Statistics Canada’s gross domestic product report Thursday says growth in services-producing industries in August were offset by declines in goods-producing industries.

The manufacturing sector was the largest drag on the economy, followed by utilities, wholesale and trade and transportation and warehousing.

The report noted shutdowns at Canada’s two largest railways contributed to a decline in transportation and warehousing.

A preliminary estimate for September suggests real gross domestic product grew by 0.3 per cent.

Statistics Canada’s estimate for the third quarter is weaker than the Bank of Canada’s projection of 1.5 per cent annualized growth.

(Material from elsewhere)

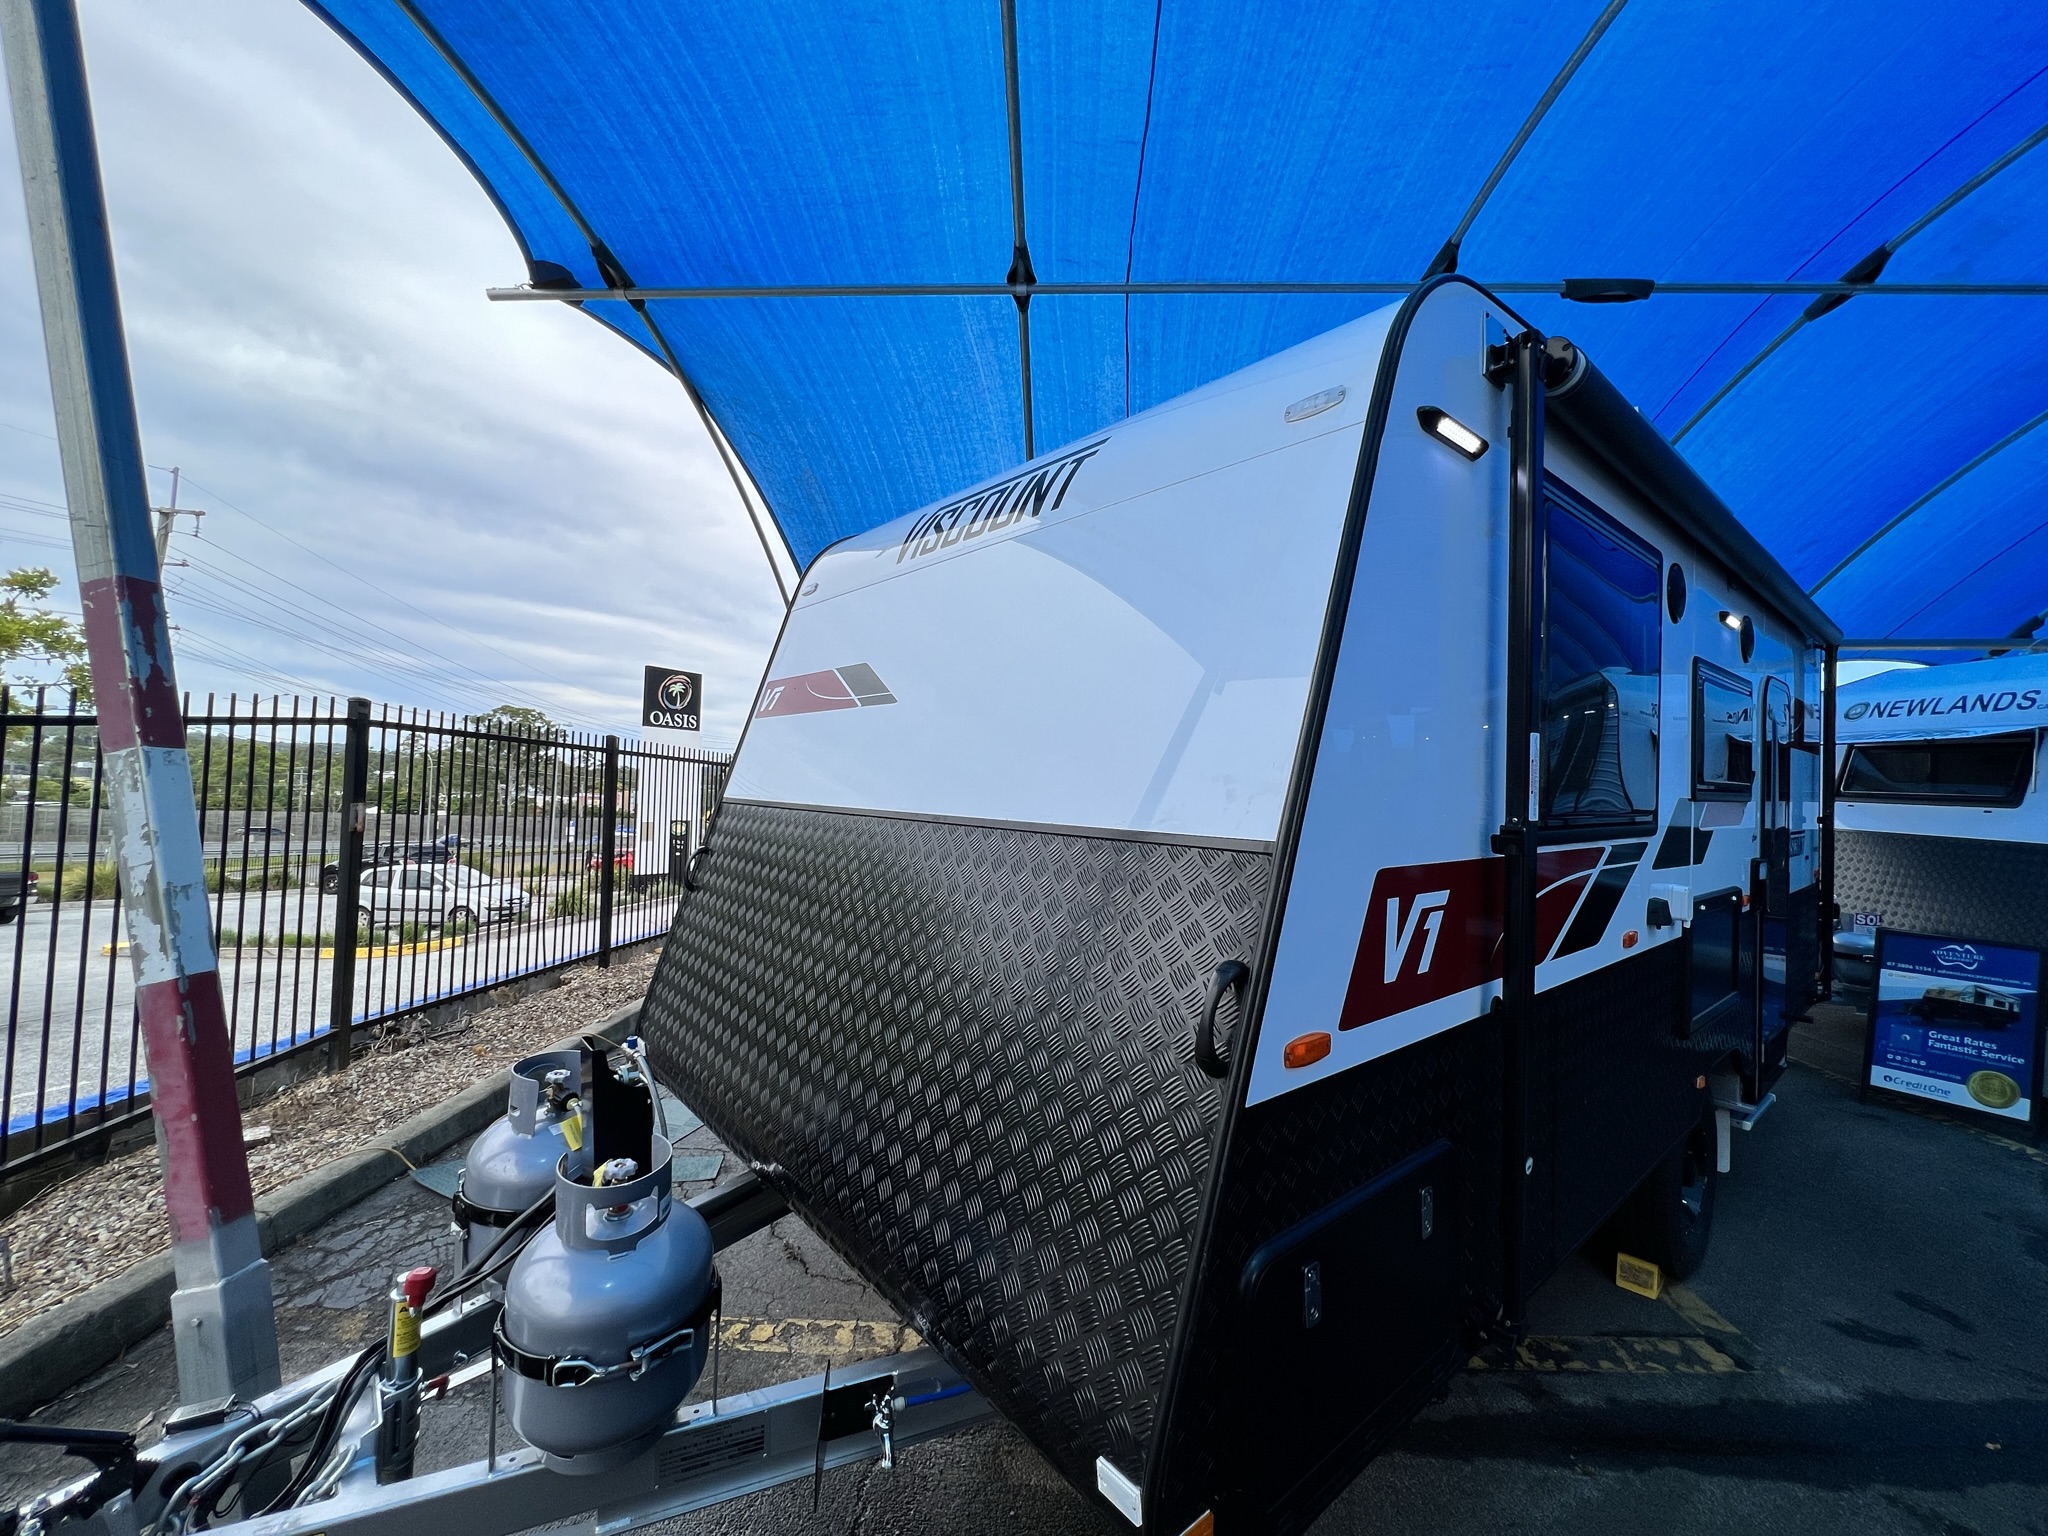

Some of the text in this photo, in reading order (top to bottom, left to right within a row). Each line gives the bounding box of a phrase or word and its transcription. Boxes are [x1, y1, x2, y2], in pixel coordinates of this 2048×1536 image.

The latest economic figures suggest ongoing weakness in the Canadian economy, giving the central bank room to continue cutting interest rates.

But the size of that cut is still uncertain, with lots more data to come on inflation and the economy before the Bank of Canada’s next rate decision on Dec. 11.

“We don’t think this will ring any alarm bells for the (Bank of Canada) but it puts more emphasis on their fears around a weakening economy,” TD economist Marc Ercolao wrote.

The central bank has acknowledged repeatedly the economy is weak and that growth needs to pick back up.

Last week, the Bank of Canada delivered a half-percentage point interest rate cut in response to inflation returning to its two per cent target.

Governor Tiff Macklem wouldn’t say whether the central bank will follow up with another jumbo cut in December and instead said the central bank will take interest rate decisions one a time based on incoming economic data.

The central bank is expecting economic growth to rebound next year as rate cuts filter through the economy.